Folio #25 – Symphonic and dreamlike
December 13, 2009
Their various orchestrations / their floating juxtapositions
They reformulate and synthesize / in conundrum
(s) / picture-making / and time / + / memory
personal history and/or / art history
endpapers as points of departure
The present volume shaped / like / a spiral galaxy
He became absorbed in lithography
Her tracings of him were never identified
They expressed satisfaction as / they drew each other
a folded over sheet of paper / will reappear later
They were a work destroyed by fire
Cemetery Cave / drawings over proofs / probe archeologically / the tilted cross form
a ladder
its shadow / ghosts in tendons and limbs
signature/splatter / sardonic accidents / a shipboard inventory
a manifesto
a chart of voyages
a childhood home reconstructed from memory /
overlays/taped up/furled
Anne Gorrick |
levelheaded: Folio #25 – Symphonic and dreamlike
Even at a glance, “Folio #25” seems fragmented and strange. The poem’s slash marks leap out and break lines into two, three, or four separate phrases, making already abstract lines even more slippery. The slash between “They reform and synthesize” and “in conundrum,” for example, interrupts and complicates the relationship between a simple prepositional modifier and its subject, giving us pause where we might normally push ahead. Also, the poem splinters as it moves down the page. The poem’s earliest lines are relatively uniform in length. These give way to very long lines matched up against very short lines. Similarly, logically constructed lines like “They expressed satisfaction as / they drew each other” yield to patchwork lines like “signature/splatter / sardonic accidents / a shipboard inventory[.]”
So what do we make of a poem that so purposefully subverts coherence? Part of the answer lies in the title. The poem is at least nominally an effort to be “Symphonic and dreamlike[.]” It creates an atmosphere where the sounds of language knock against each other and we come to expect surreal, imaginative leaps. But even in its disjointedness, there may be some logic to the poem’s movement down the page. Its first three phrases, “Their various orchestrations / their floating juxtapositions [/] They reformulate and synthesize[,]” introduce us to a “they” that later breaks down into a “He” and a “Her.” Both “He” and “Her” are in some way involved in recording an image of the other, “He” through “lithography” and “Her” through “tracings of him.” These characters and their recognizable actions give us something to hang onto while the poem swirls on around us.

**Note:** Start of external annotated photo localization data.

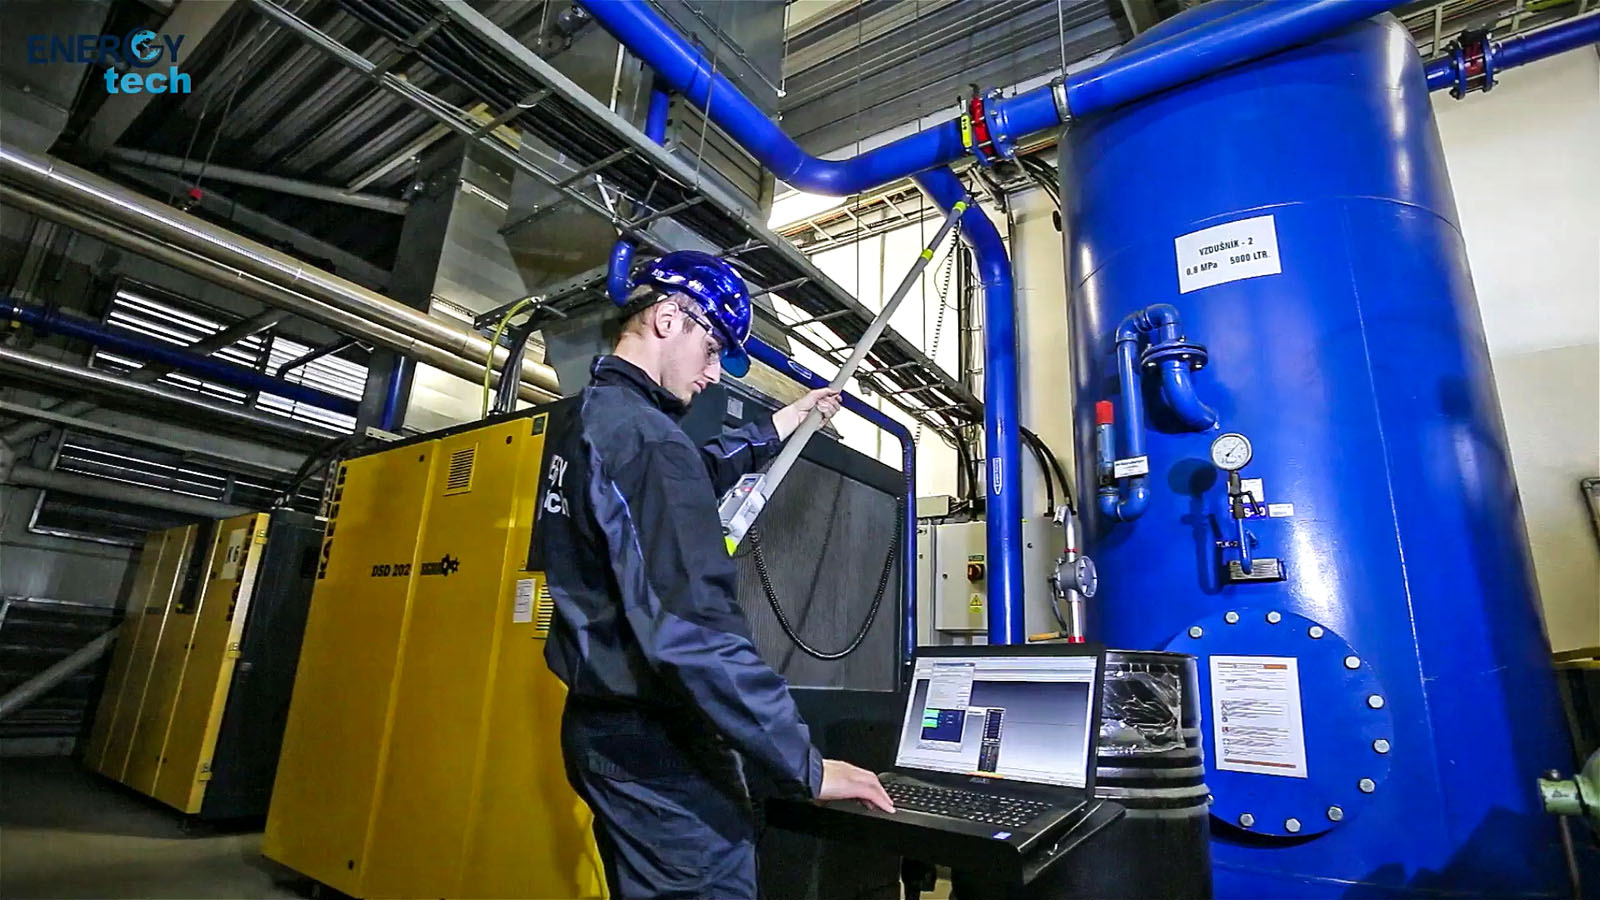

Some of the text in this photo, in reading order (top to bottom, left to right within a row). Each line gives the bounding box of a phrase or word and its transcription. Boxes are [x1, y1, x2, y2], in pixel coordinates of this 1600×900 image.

[1199, 239, 1239, 256] VZDUŠNÍK
[1247, 237, 1253, 246] 2
[1201, 261, 1218, 272] MPa
[1229, 253, 1251, 264] 5000
[371, 564, 391, 577] DSD
[392, 563, 412, 577] 202

Then there is the beautiful line, “endpapers as points of departure,” a phrase that reconciles the physicality of paper with the abstraction of what that paper can contain. It presents us with a figurative continuum between the tangibility of a medium (“endpapers”) and the intangibility of an idea (“points of departure”). The poem’s tracings, drawings, proofs, inventories, manifestoes, and charts are all fully real, but they are also limited by their existence as physical objects. Even the “He” and “Her” of the poem are described as “a work destroyed by fire.” A word is only as resilient as the paper on which it’s printed (or the database in which it is stored!), so we are brought back to the fact that this poem is a “folio.” It is constructed and impermanent. It is just a lump of paper. And in this case, it is persistently mysterious.